»»
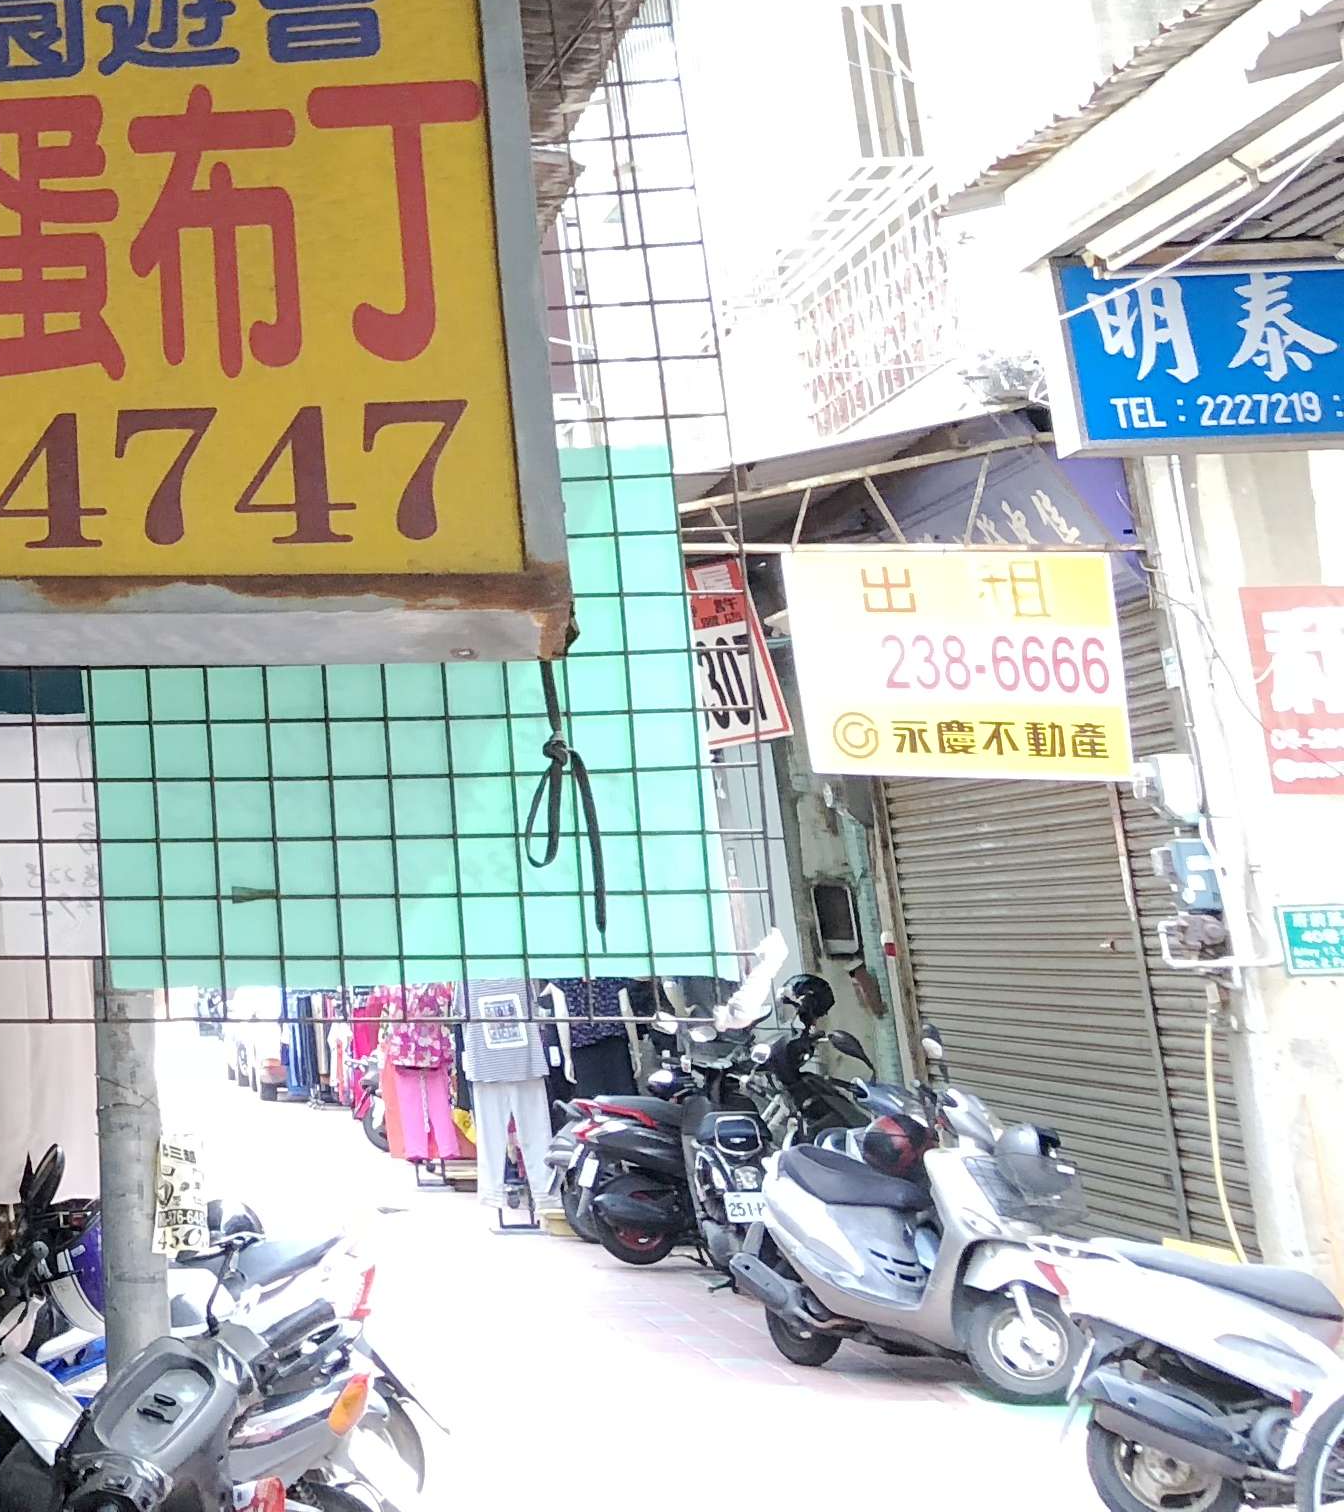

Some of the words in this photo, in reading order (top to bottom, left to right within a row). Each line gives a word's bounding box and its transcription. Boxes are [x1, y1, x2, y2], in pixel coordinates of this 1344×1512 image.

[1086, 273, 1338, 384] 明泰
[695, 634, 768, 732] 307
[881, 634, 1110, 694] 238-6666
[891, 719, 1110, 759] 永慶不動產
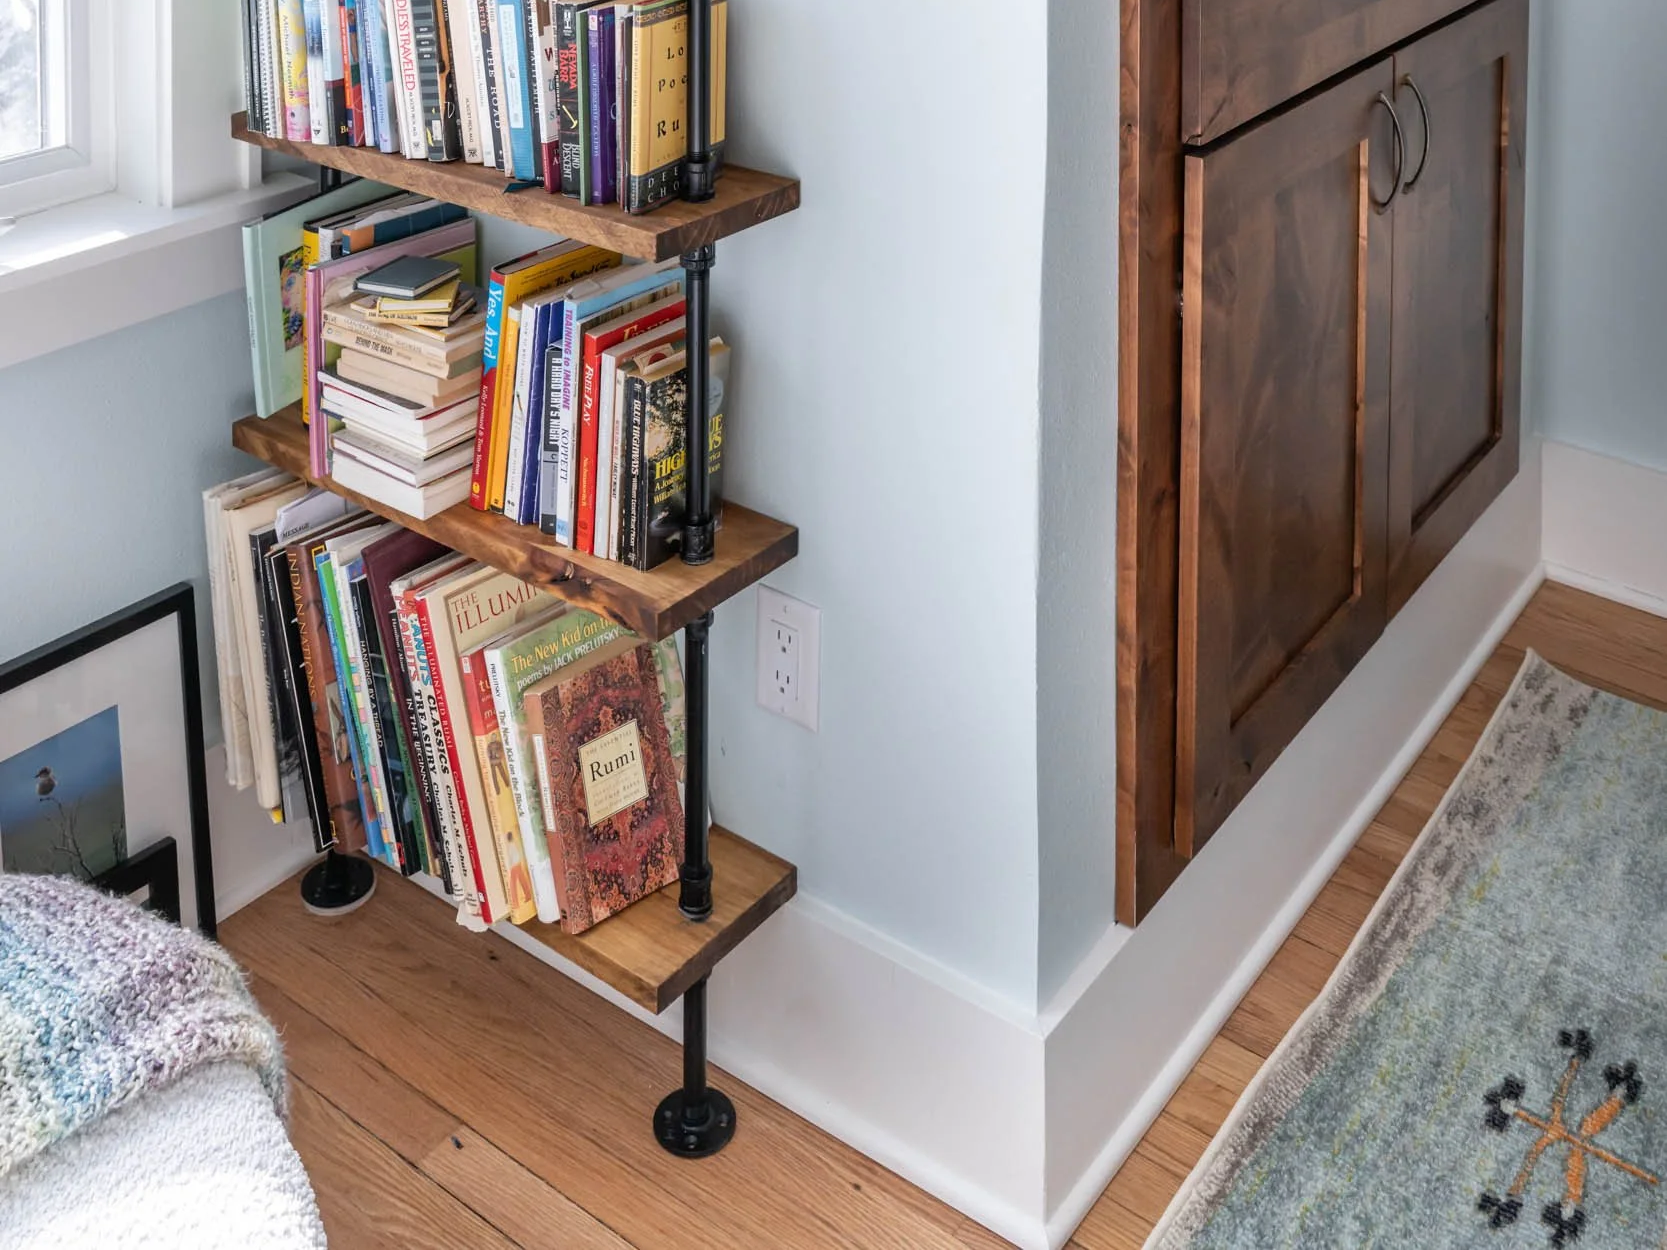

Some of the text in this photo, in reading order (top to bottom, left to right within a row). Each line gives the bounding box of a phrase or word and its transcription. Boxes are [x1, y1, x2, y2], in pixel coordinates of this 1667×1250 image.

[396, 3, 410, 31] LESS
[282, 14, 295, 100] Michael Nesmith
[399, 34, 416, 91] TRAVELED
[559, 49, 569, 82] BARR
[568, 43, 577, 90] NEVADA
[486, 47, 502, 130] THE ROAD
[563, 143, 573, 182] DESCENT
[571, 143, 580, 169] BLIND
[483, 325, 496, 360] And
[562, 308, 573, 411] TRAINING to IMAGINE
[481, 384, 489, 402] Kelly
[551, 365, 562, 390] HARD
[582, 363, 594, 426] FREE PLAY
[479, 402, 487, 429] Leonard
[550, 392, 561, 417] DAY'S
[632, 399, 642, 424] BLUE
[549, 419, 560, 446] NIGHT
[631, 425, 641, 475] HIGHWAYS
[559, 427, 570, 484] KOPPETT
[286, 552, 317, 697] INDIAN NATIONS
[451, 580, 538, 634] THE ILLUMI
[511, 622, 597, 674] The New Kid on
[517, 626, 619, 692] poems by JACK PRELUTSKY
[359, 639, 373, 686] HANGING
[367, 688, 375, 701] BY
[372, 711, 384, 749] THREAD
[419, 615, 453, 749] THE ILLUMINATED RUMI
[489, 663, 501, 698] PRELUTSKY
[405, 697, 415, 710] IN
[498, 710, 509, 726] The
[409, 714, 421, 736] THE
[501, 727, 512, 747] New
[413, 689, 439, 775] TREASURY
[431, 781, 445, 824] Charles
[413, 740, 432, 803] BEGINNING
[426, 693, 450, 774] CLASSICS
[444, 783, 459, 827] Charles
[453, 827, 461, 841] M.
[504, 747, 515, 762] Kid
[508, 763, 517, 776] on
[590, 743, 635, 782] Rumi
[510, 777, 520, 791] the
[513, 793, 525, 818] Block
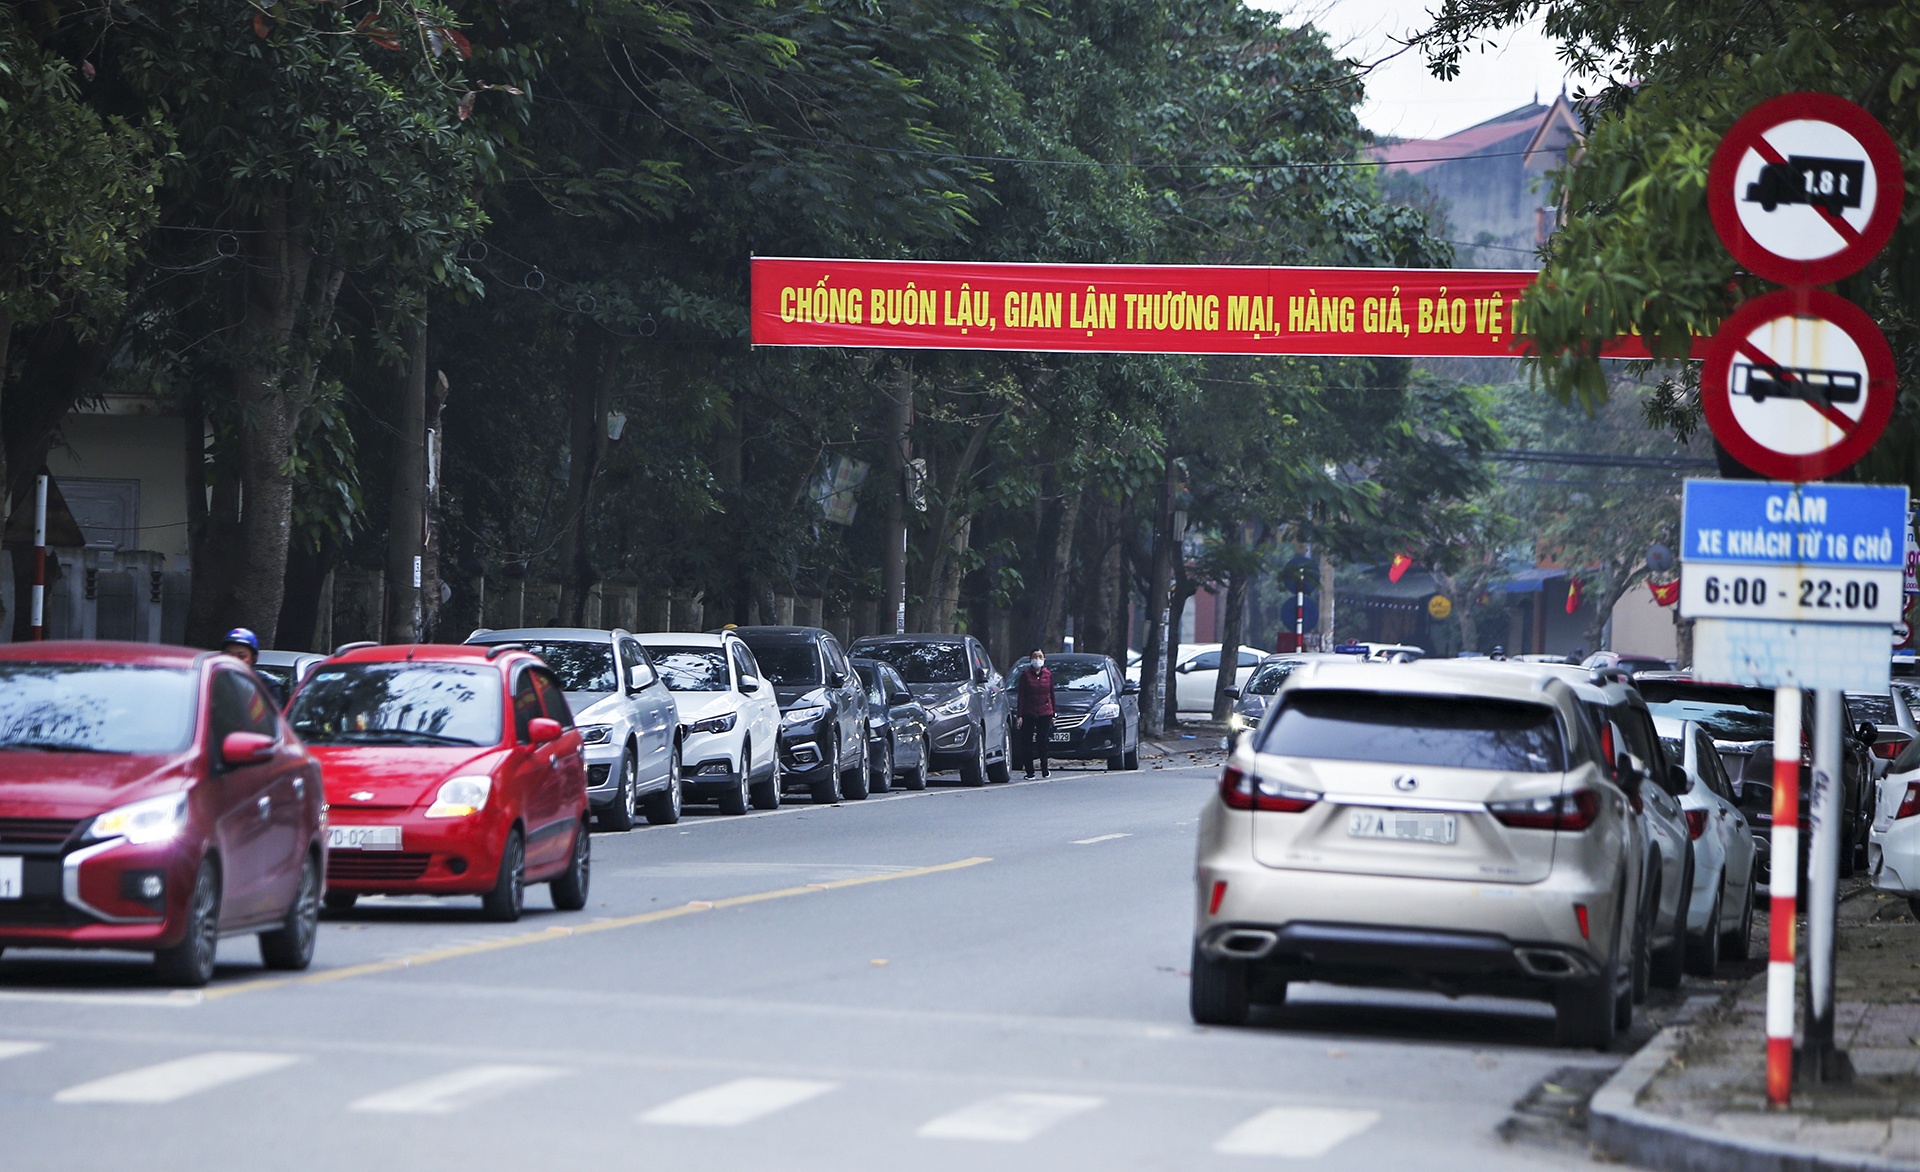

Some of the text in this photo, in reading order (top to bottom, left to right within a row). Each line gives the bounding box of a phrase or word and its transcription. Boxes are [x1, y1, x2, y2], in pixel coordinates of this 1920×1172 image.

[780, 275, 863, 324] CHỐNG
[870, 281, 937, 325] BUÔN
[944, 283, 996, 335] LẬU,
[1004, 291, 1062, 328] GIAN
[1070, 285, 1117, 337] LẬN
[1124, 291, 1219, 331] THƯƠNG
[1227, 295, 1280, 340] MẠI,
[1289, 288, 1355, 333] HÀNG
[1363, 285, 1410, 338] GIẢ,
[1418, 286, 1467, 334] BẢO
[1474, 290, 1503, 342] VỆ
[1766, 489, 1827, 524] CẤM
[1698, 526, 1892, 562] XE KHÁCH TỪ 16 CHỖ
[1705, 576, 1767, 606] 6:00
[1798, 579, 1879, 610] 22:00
««
DIRECTIONS FOR THIS TASK ->
Take the line that contains "this 1920×1172 image." and every line after it through the end of the listing above, and repeat them exactly.

RESULT OF THIS EXERCISE ->
Some of the text in this photo, in reading order (top to bottom, left to right within a row). Each line gives the bounding box of a phrase or word and its transcription. Boxes are [x1, y1, x2, y2], in pixel coordinates of this 1920×1172 image.

[780, 275, 863, 324] CHỐNG
[870, 281, 937, 325] BUÔN
[944, 283, 996, 335] LẬU,
[1004, 291, 1062, 328] GIAN
[1070, 285, 1117, 337] LẬN
[1124, 291, 1219, 331] THƯƠNG
[1227, 295, 1280, 340] MẠI,
[1289, 288, 1355, 333] HÀNG
[1363, 285, 1410, 338] GIẢ,
[1418, 286, 1467, 334] BẢO
[1474, 290, 1503, 342] VỆ
[1766, 489, 1827, 524] CẤM
[1698, 526, 1892, 562] XE KHÁCH TỪ 16 CHỖ
[1705, 576, 1767, 606] 6:00
[1798, 579, 1879, 610] 22:00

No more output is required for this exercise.